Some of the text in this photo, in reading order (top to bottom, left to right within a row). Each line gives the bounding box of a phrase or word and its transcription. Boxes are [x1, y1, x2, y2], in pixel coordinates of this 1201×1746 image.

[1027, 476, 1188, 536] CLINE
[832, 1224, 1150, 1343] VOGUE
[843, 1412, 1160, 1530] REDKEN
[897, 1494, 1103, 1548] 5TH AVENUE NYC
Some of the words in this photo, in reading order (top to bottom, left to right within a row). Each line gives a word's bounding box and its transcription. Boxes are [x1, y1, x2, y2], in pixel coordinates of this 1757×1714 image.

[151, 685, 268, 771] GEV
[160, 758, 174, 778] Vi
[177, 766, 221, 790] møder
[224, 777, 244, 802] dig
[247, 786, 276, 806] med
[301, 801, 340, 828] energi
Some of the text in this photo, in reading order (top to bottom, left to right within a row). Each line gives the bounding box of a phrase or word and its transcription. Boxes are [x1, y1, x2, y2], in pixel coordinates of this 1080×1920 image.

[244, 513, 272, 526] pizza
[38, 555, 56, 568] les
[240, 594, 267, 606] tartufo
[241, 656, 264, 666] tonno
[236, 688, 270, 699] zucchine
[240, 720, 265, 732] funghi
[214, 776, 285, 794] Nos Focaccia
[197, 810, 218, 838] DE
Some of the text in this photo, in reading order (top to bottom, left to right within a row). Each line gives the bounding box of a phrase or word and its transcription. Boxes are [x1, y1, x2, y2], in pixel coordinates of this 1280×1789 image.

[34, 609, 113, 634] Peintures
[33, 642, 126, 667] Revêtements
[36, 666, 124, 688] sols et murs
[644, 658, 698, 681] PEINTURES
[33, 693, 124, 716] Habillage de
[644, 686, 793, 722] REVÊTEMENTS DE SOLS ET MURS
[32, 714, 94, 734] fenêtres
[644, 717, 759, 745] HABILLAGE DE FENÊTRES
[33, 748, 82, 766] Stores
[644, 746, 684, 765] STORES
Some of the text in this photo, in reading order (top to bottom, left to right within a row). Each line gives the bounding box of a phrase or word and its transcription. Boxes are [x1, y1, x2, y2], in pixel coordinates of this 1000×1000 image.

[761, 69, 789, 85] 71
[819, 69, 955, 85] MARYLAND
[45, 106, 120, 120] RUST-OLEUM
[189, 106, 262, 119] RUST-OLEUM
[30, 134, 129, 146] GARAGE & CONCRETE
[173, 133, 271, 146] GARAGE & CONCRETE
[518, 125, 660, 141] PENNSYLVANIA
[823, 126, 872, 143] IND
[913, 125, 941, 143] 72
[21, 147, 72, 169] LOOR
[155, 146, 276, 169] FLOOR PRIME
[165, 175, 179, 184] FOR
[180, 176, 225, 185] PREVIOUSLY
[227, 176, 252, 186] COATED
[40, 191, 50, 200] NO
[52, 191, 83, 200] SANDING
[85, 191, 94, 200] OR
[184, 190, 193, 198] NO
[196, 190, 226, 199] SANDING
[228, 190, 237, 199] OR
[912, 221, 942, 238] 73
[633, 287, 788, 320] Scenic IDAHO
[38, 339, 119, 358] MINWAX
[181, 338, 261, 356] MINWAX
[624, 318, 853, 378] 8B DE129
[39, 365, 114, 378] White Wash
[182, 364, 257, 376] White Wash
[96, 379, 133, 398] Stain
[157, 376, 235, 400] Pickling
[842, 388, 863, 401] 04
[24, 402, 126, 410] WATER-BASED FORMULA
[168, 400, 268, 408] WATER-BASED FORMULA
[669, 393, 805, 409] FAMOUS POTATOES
# # # #
▶ _How to complete this task_
Copy the material above exactly. Include every line.

▶ _Output for this task_
Some of the text in this photo, in reading order (top to bottom, left to right within a row). Each line gives the bounding box of a phrase or word and its transcription. Boxes are [x1, y1, x2, y2], in pixel coordinates of this 1201×1746 image.

[1027, 476, 1188, 536] CLINE
[832, 1224, 1150, 1343] VOGUE
[843, 1412, 1160, 1530] REDKEN
[897, 1494, 1103, 1548] 5TH AVENUE NYC
Some of the words in this photo, in reading order (top to bottom, left to right within a row). Each line gives a word's bounding box and its transcription. Boxes are [x1, y1, x2, y2], in pixel coordinates of this 1757×1714 image.

[151, 685, 268, 771] GEV
[160, 758, 174, 778] Vi
[177, 766, 221, 790] møder
[224, 777, 244, 802] dig
[247, 786, 276, 806] med
[301, 801, 340, 828] energi
Some of the text in this photo, in reading order (top to bottom, left to right within a row). Each line gives the bounding box of a phrase or word and its transcription. Boxes are [x1, y1, x2, y2], in pixel coordinates of this 1080×1920 image.

[244, 513, 272, 526] pizza
[38, 555, 56, 568] les
[240, 594, 267, 606] tartufo
[241, 656, 264, 666] tonno
[236, 688, 270, 699] zucchine
[240, 720, 265, 732] funghi
[214, 776, 285, 794] Nos Focaccia
[197, 810, 218, 838] DE
Some of the text in this photo, in reading order (top to bottom, left to right within a row). Each line gives the bounding box of a phrase or word and its transcription. Boxes are [x1, y1, x2, y2], in pixel coordinates of this 1280×1789 image.

[34, 609, 113, 634] Peintures
[33, 642, 126, 667] Revêtements
[36, 666, 124, 688] sols et murs
[644, 658, 698, 681] PEINTURES
[33, 693, 124, 716] Habillage de
[644, 686, 793, 722] REVÊTEMENTS DE SOLS ET MURS
[32, 714, 94, 734] fenêtres
[644, 717, 759, 745] HABILLAGE DE FENÊTRES
[33, 748, 82, 766] Stores
[644, 746, 684, 765] STORES
Some of the text in this photo, in reading order (top to bottom, left to right within a row). Each line gives the bounding box of a phrase or word and its transcription. Boxes are [x1, y1, x2, y2], in pixel coordinates of this 1000×1000 image.

[761, 69, 789, 85] 71
[819, 69, 955, 85] MARYLAND
[45, 106, 120, 120] RUST-OLEUM
[189, 106, 262, 119] RUST-OLEUM
[30, 134, 129, 146] GARAGE & CONCRETE
[173, 133, 271, 146] GARAGE & CONCRETE
[518, 125, 660, 141] PENNSYLVANIA
[823, 126, 872, 143] IND
[913, 125, 941, 143] 72
[21, 147, 72, 169] LOOR
[155, 146, 276, 169] FLOOR PRIME
[165, 175, 179, 184] FOR
[180, 176, 225, 185] PREVIOUSLY
[227, 176, 252, 186] COATED
[40, 191, 50, 200] NO
[52, 191, 83, 200] SANDING
[85, 191, 94, 200] OR
[184, 190, 193, 198] NO
[196, 190, 226, 199] SANDING
[228, 190, 237, 199] OR
[912, 221, 942, 238] 73
[633, 287, 788, 320] Scenic IDAHO
[38, 339, 119, 358] MINWAX
[181, 338, 261, 356] MINWAX
[624, 318, 853, 378] 8B DE129
[39, 365, 114, 378] White Wash
[182, 364, 257, 376] White Wash
[96, 379, 133, 398] Stain
[157, 376, 235, 400] Pickling
[842, 388, 863, 401] 04
[24, 402, 126, 410] WATER-BASED FORMULA
[168, 400, 268, 408] WATER-BASED FORMULA
[669, 393, 805, 409] FAMOUS POTATOES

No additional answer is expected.